EKF Introduces Specific Biomarker Test for Early Sepsis Identification
The EKF-Stanbio Procalcitonin LiquiColor® Assay aids in viral and bacterial infection differentiation
5 May 2015EKF Diagnostics, the global diagnostics company, announces that it has introduced the Stanbio Chemistry Procalcitonin (PCT) LiquiColor® Assay. This new test enables the quantitative determination of PCT in serum samples, EDTA or lithium heparin plasma samples by latex enhanced immunoturbidimetric methodology. Procalcitonin is a marker for bacterial infection and sepsis and has been recognized as an important adjunct marker in the diagnosis of sepsis*.

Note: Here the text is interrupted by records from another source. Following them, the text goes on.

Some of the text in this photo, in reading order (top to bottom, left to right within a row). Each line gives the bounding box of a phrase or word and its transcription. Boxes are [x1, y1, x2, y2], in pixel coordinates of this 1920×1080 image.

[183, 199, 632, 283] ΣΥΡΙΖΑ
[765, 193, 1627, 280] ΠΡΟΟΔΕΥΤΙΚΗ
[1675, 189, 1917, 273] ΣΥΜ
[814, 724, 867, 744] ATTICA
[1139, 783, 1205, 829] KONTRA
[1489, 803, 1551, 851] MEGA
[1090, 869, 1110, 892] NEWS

The new Stanbio Chemistry Procalcitonin (PCT) LiquiColor® Assay is fast, accurate and convenient. The test provides a precise result, which correlates well with established methodology, within 10 minutes and requires just 20 µL of sample. The reagents may be used on almost any liquid-based chemistry analyzer with open-channel capability. In addition, the reagent kit, calibrator and control sets are all available separately.

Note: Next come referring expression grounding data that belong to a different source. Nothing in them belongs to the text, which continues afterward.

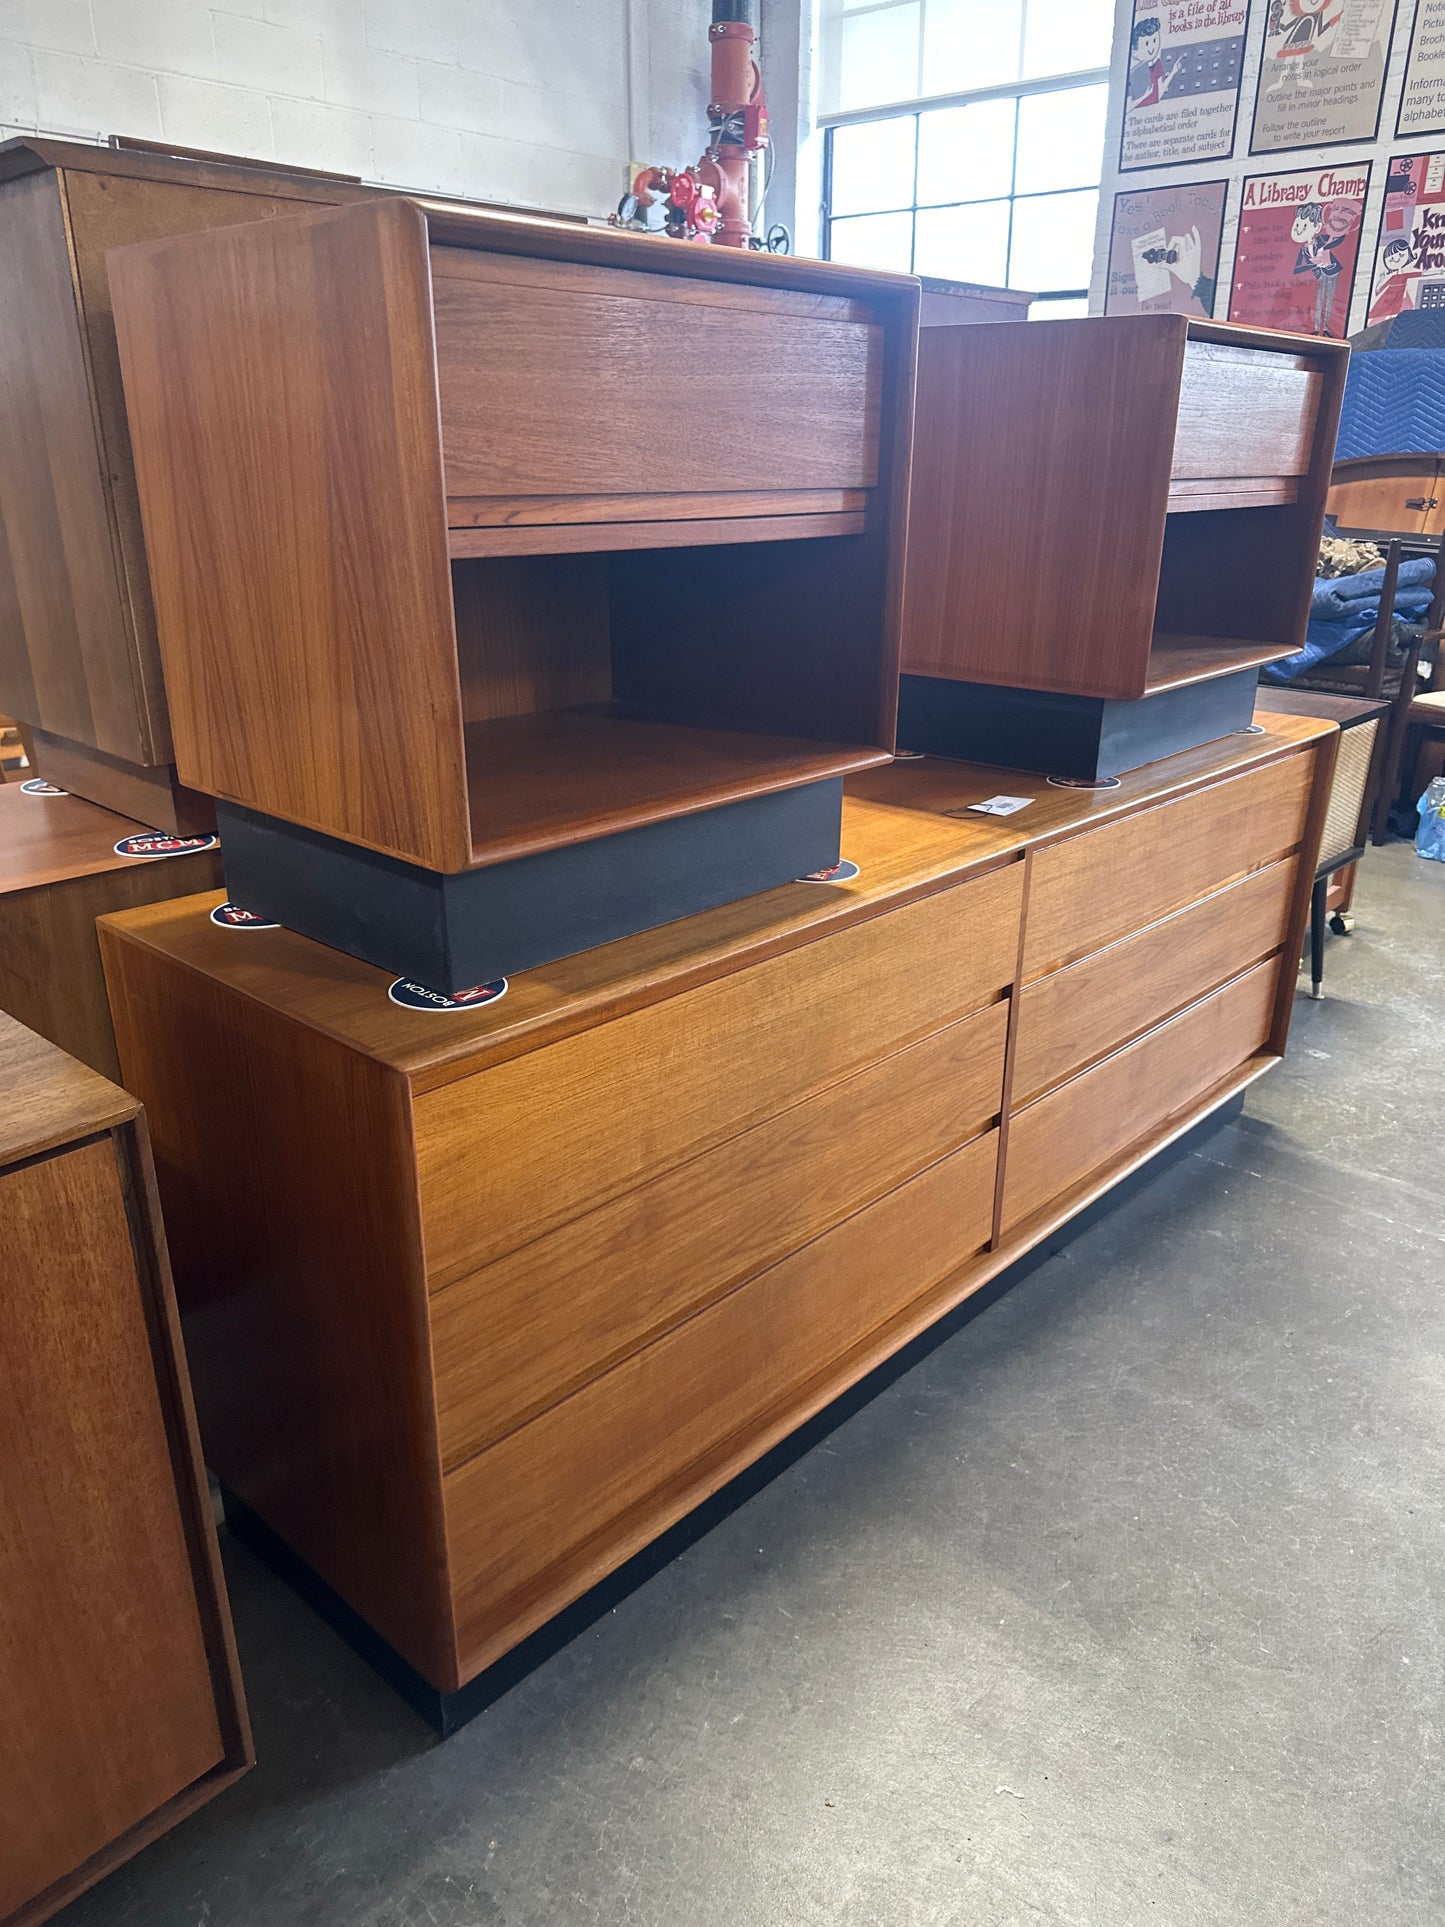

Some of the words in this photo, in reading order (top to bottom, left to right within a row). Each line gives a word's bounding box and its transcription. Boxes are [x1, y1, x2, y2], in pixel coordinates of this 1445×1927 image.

[1169, 9, 1177, 21] is
[1178, 10, 1185, 19] a
[1187, 2, 1205, 17] file
[1207, 0, 1217, 12] of
[1218, 0, 1232, 11] all
[1167, 19, 1193, 34] books
[1195, 17, 1203, 30] in
[1204, 14, 1217, 28] the
[1217, 10, 1246, 27] library
[1270, 61, 1301, 73] Arrange
[1302, 58, 1320, 70] your
[1281, 71, 1303, 83] notes
[1304, 69, 1312, 79] in
[1314, 66, 1339, 78] logical
[1340, 63, 1362, 73] order
[1266, 91, 1293, 103] Outline
[1294, 89, 1307, 99] the
[1309, 85, 1332, 97] major
[1333, 82, 1358, 94] points
[1360, 79, 1376, 90] and
[1406, 94, 1435, 106] many
[1277, 103, 1287, 113] fill
[1288, 103, 1296, 112] in
[1297, 99, 1321, 110] minor
[1322, 93, 1359, 106] headings
[1128, 117, 1143, 126] The
[1144, 113, 1165, 124] cards
[1166, 112, 1179, 121] are
[1180, 107, 1198, 118] filed
[1199, 103, 1234, 116] together
[1131, 122, 1177, 138] alphabetical
[1177, 119, 1198, 130] order
[1262, 122, 1284, 133] Follow
[1286, 120, 1299, 131] the
[1301, 117, 1327, 128] outline
[1273, 133, 1282, 142] to
[1283, 130, 1301, 141] write
[1302, 128, 1320, 141] your
[1321, 125, 1346, 138] report
[1126, 140, 1149, 151] There
[1149, 139, 1162, 148] are
[1163, 134, 1195, 146] separate
[1196, 129, 1217, 140] cards
[1219, 128, 1232, 138] for
[1181, 143, 1196, 154] and
[1198, 139, 1225, 153] subject
[1244, 182, 1256, 206] A
[1258, 181, 1313, 205] Library
[1317, 172, 1367, 198] Champ
[1120, 198, 1142, 215] Yes
[1152, 197, 1183, 223] Book
[1110, 284, 1118, 297] it
[128, 839, 200, 853] MCM
[401, 982, 456, 1007] BOSTON

Commenting on the cost-effectiveness and convenience of the Stanbio Chemistry Procalcitonin (PCT) LiquiColor® Assay, Al Blanco, Business Unit Director – Central Laboratory at EKF Diagnostics said, “This assay can be performed on a customer’s existing chemistry analyzer with the same collection tube used for analysis of other chemistry tests. Therefore, it will provide optimized lab workflow by eliminating the need to split a sample or have a dedicated off-line workstation. These features will provide any lab with a cost-effective solution for PCT testing.”
*References:
1. Müller B, et al., Ubiquitous expression of the calcitonin-i gene in multiple tissues in response to sepsis. J Clin Endocrinol Metab 2001; 86(1):396-404.
2. Meisner M. Procalcitonin (PCT) – A new, innovative infection parameter. Biochemical and clinical aspects. Thieme; Stuttgart, New York, 2000; ISBN 3-13-105503-0.
3. Christ-Crain M, et al., Procalcitonin in bacterial infections – hype, hope or more or less? Swiss Med Wkly 2005; 135: 451-60.